- Task prompt: Give back the full material exactly. Omit no line.

- Data excerpts:
-=-=-=-=-

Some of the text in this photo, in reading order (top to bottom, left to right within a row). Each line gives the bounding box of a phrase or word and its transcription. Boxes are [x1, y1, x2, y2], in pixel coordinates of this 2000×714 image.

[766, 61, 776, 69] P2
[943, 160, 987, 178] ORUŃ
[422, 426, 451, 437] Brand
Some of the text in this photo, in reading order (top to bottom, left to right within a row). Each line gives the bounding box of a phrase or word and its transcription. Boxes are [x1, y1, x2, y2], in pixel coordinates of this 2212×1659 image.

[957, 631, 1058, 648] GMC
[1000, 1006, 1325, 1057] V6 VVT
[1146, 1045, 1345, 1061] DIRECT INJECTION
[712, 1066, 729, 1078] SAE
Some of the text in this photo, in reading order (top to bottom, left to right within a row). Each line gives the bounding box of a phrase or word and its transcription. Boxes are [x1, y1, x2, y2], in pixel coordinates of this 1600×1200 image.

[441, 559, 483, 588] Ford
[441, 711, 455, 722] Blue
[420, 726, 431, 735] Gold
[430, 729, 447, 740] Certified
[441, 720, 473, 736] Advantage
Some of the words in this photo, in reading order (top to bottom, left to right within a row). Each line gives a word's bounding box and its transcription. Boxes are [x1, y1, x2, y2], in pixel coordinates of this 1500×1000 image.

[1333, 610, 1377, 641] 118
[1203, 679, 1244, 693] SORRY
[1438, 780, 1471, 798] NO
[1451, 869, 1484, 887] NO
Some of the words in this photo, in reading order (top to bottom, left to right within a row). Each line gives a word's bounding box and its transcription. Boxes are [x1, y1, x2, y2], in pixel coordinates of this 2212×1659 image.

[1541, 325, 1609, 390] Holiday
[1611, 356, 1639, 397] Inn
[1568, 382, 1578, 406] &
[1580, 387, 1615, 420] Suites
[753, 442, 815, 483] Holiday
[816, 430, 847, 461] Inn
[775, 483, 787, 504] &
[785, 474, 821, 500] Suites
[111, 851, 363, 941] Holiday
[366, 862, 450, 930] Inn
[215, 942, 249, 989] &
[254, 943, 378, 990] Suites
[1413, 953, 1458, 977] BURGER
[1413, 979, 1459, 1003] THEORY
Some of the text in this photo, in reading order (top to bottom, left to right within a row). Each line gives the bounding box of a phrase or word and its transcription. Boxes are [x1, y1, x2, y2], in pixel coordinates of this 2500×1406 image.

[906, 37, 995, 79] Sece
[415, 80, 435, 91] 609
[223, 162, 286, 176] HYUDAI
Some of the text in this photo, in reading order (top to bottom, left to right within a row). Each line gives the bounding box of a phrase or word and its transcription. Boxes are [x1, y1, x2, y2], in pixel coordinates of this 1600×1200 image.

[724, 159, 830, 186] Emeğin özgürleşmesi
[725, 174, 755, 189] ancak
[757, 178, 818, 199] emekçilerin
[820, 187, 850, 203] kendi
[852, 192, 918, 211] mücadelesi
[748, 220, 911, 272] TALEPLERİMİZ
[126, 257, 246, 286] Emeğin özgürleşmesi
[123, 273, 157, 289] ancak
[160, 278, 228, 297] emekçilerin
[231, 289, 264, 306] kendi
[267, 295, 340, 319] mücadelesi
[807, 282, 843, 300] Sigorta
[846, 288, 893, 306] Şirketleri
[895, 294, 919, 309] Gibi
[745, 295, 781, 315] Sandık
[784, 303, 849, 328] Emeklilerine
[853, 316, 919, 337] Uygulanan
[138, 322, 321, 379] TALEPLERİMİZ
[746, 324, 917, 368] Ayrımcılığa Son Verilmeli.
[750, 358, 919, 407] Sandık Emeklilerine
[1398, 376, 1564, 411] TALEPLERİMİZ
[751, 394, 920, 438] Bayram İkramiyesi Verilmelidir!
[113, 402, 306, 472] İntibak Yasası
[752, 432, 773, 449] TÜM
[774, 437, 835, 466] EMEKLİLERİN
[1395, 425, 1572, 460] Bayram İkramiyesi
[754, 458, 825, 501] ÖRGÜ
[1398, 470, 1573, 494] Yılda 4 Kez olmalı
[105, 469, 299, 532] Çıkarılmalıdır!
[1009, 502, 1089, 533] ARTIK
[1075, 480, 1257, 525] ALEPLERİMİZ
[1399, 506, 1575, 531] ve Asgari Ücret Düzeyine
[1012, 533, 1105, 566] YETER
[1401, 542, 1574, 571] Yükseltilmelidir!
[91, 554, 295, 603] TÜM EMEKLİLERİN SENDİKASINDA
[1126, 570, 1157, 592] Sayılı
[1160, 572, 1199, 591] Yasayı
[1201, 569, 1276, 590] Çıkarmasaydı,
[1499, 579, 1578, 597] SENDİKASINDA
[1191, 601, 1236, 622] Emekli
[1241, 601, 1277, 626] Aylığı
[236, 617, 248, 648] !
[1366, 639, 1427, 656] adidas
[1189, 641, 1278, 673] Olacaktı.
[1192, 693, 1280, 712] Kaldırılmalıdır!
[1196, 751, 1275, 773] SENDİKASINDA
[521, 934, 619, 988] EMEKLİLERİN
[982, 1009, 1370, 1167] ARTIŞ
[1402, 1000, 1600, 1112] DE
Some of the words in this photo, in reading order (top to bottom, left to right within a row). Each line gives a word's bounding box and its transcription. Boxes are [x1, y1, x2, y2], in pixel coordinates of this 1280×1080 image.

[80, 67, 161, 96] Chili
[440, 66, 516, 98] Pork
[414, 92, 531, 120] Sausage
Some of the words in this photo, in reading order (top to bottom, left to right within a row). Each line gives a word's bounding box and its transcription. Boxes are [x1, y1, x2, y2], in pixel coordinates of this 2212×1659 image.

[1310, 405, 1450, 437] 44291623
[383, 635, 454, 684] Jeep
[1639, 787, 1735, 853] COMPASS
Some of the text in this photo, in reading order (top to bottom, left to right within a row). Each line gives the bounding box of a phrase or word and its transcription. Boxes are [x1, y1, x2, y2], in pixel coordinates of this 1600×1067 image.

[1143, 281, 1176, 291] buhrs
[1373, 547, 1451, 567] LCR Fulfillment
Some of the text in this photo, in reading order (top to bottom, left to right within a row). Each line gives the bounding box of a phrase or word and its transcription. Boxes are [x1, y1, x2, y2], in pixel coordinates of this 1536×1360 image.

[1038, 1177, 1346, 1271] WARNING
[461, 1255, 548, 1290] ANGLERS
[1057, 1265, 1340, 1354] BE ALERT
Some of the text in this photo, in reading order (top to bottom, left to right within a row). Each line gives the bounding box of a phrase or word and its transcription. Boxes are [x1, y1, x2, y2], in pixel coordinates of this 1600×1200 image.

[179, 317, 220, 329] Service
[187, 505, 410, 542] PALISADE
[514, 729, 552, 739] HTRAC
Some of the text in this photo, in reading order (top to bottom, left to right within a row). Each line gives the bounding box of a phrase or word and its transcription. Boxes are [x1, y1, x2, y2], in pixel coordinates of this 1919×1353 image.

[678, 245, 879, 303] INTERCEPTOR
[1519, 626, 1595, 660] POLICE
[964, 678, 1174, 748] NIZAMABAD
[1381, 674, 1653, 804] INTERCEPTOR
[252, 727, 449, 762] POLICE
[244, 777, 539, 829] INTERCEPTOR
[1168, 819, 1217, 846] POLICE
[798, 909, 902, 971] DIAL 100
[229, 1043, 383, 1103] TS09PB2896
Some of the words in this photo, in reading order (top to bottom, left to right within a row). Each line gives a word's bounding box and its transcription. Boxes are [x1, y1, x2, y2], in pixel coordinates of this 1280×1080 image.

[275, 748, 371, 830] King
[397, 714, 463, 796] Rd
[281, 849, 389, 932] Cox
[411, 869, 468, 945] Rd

-=-=-=-=-

- Exercise response:
Some of the text in this photo, in reading order (top to bottom, left to right within a row). Each line gives the bounding box of a phrase or word and its transcription. Boxes are [x1, y1, x2, y2], in pixel coordinates of this 2000×714 image.

[766, 61, 776, 69] P2
[943, 160, 987, 178] ORUŃ
[422, 426, 451, 437] Brand
Some of the text in this photo, in reading order (top to bottom, left to right within a row). Each line gives the bounding box of a phrase or word and its transcription. Boxes are [x1, y1, x2, y2], in pixel coordinates of this 2212×1659 image.

[957, 631, 1058, 648] GMC
[1000, 1006, 1325, 1057] V6 VVT
[1146, 1045, 1345, 1061] DIRECT INJECTION
[712, 1066, 729, 1078] SAE
Some of the text in this photo, in reading order (top to bottom, left to right within a row). Each line gives the bounding box of a phrase or word and its transcription. Boxes are [x1, y1, x2, y2], in pixel coordinates of this 1600×1200 image.

[441, 559, 483, 588] Ford
[441, 711, 455, 722] Blue
[420, 726, 431, 735] Gold
[430, 729, 447, 740] Certified
[441, 720, 473, 736] Advantage
Some of the words in this photo, in reading order (top to bottom, left to right within a row). Each line gives a word's bounding box and its transcription. Boxes are [x1, y1, x2, y2], in pixel coordinates of this 1500×1000 image.

[1333, 610, 1377, 641] 118
[1203, 679, 1244, 693] SORRY
[1438, 780, 1471, 798] NO
[1451, 869, 1484, 887] NO
Some of the words in this photo, in reading order (top to bottom, left to right within a row). Each line gives a word's bounding box and its transcription. Boxes are [x1, y1, x2, y2], in pixel coordinates of this 2212×1659 image.

[1541, 325, 1609, 390] Holiday
[1611, 356, 1639, 397] Inn
[1568, 382, 1578, 406] &
[1580, 387, 1615, 420] Suites
[753, 442, 815, 483] Holiday
[816, 430, 847, 461] Inn
[775, 483, 787, 504] &
[785, 474, 821, 500] Suites
[111, 851, 363, 941] Holiday
[366, 862, 450, 930] Inn
[215, 942, 249, 989] &
[254, 943, 378, 990] Suites
[1413, 953, 1458, 977] BURGER
[1413, 979, 1459, 1003] THEORY
Some of the text in this photo, in reading order (top to bottom, left to right within a row). Each line gives the bounding box of a phrase or word and its transcription. Boxes are [x1, y1, x2, y2], in pixel coordinates of this 2500×1406 image.

[906, 37, 995, 79] Sece
[415, 80, 435, 91] 609
[223, 162, 286, 176] HYUDAI
Some of the text in this photo, in reading order (top to bottom, left to right within a row). Each line gives the bounding box of a phrase or word and its transcription. Boxes are [x1, y1, x2, y2], in pixel coordinates of this 1600×1200 image.

[724, 159, 830, 186] Emeğin özgürleşmesi
[725, 174, 755, 189] ancak
[757, 178, 818, 199] emekçilerin
[820, 187, 850, 203] kendi
[852, 192, 918, 211] mücadelesi
[748, 220, 911, 272] TALEPLERİMİZ
[126, 257, 246, 286] Emeğin özgürleşmesi
[123, 273, 157, 289] ancak
[160, 278, 228, 297] emekçilerin
[231, 289, 264, 306] kendi
[267, 295, 340, 319] mücadelesi
[807, 282, 843, 300] Sigorta
[846, 288, 893, 306] Şirketleri
[895, 294, 919, 309] Gibi
[745, 295, 781, 315] Sandık
[784, 303, 849, 328] Emeklilerine
[853, 316, 919, 337] Uygulanan
[138, 322, 321, 379] TALEPLERİMİZ
[746, 324, 917, 368] Ayrımcılığa Son Verilmeli.
[750, 358, 919, 407] Sandık Emeklilerine
[1398, 376, 1564, 411] TALEPLERİMİZ
[751, 394, 920, 438] Bayram İkramiyesi Verilmelidir!
[113, 402, 306, 472] İntibak Yasası
[752, 432, 773, 449] TÜM
[774, 437, 835, 466] EMEKLİLERİN
[1395, 425, 1572, 460] Bayram İkramiyesi
[754, 458, 825, 501] ÖRGÜ
[1398, 470, 1573, 494] Yılda 4 Kez olmalı
[105, 469, 299, 532] Çıkarılmalıdır!
[1009, 502, 1089, 533] ARTIK
[1075, 480, 1257, 525] ALEPLERİMİZ
[1399, 506, 1575, 531] ve Asgari Ücret Düzeyine
[1012, 533, 1105, 566] YETER
[1401, 542, 1574, 571] Yükseltilmelidir!
[91, 554, 295, 603] TÜM EMEKLİLERİN SENDİKASINDA
[1126, 570, 1157, 592] Sayılı
[1160, 572, 1199, 591] Yasayı
[1201, 569, 1276, 590] Çıkarmasaydı,
[1499, 579, 1578, 597] SENDİKASINDA
[1191, 601, 1236, 622] Emekli
[1241, 601, 1277, 626] Aylığı
[236, 617, 248, 648] !
[1366, 639, 1427, 656] adidas
[1189, 641, 1278, 673] Olacaktı.
[1192, 693, 1280, 712] Kaldırılmalıdır!
[1196, 751, 1275, 773] SENDİKASINDA
[521, 934, 619, 988] EMEKLİLERİN
[982, 1009, 1370, 1167] ARTIŞ
[1402, 1000, 1600, 1112] DE
Some of the words in this photo, in reading order (top to bottom, left to right within a row). Each line gives a word's bounding box and its transcription. Boxes are [x1, y1, x2, y2], in pixel coordinates of this 1280×1080 image.

[80, 67, 161, 96] Chili
[440, 66, 516, 98] Pork
[414, 92, 531, 120] Sausage
Some of the words in this photo, in reading order (top to bottom, left to right within a row). Each line gives a word's bounding box and its transcription. Boxes are [x1, y1, x2, y2], in pixel coordinates of this 2212×1659 image.

[1310, 405, 1450, 437] 44291623
[383, 635, 454, 684] Jeep
[1639, 787, 1735, 853] COMPASS
Some of the text in this photo, in reading order (top to bottom, left to right within a row). Each line gives the bounding box of a phrase or word and its transcription. Boxes are [x1, y1, x2, y2], in pixel coordinates of this 1600×1067 image.

[1143, 281, 1176, 291] buhrs
[1373, 547, 1451, 567] LCR Fulfillment
Some of the text in this photo, in reading order (top to bottom, left to right within a row). Each line gives the bounding box of a phrase or word and its transcription. Boxes are [x1, y1, x2, y2], in pixel coordinates of this 1536×1360 image.

[1038, 1177, 1346, 1271] WARNING
[461, 1255, 548, 1290] ANGLERS
[1057, 1265, 1340, 1354] BE ALERT
Some of the text in this photo, in reading order (top to bottom, left to right within a row). Each line gives the bounding box of a phrase or word and its transcription. Boxes are [x1, y1, x2, y2], in pixel coordinates of this 1600×1200 image.

[179, 317, 220, 329] Service
[187, 505, 410, 542] PALISADE
[514, 729, 552, 739] HTRAC
Some of the text in this photo, in reading order (top to bottom, left to right within a row). Each line gives the bounding box of a phrase or word and its transcription. Boxes are [x1, y1, x2, y2], in pixel coordinates of this 1919×1353 image.

[678, 245, 879, 303] INTERCEPTOR
[1519, 626, 1595, 660] POLICE
[964, 678, 1174, 748] NIZAMABAD
[1381, 674, 1653, 804] INTERCEPTOR
[252, 727, 449, 762] POLICE
[244, 777, 539, 829] INTERCEPTOR
[1168, 819, 1217, 846] POLICE
[798, 909, 902, 971] DIAL 100
[229, 1043, 383, 1103] TS09PB2896
Some of the words in this photo, in reading order (top to bottom, left to right within a row). Each line gives a word's bounding box and its transcription. Boxes are [x1, y1, x2, y2], in pixel coordinates of this 1280×1080 image.

[275, 748, 371, 830] King
[397, 714, 463, 796] Rd
[281, 849, 389, 932] Cox
[411, 869, 468, 945] Rd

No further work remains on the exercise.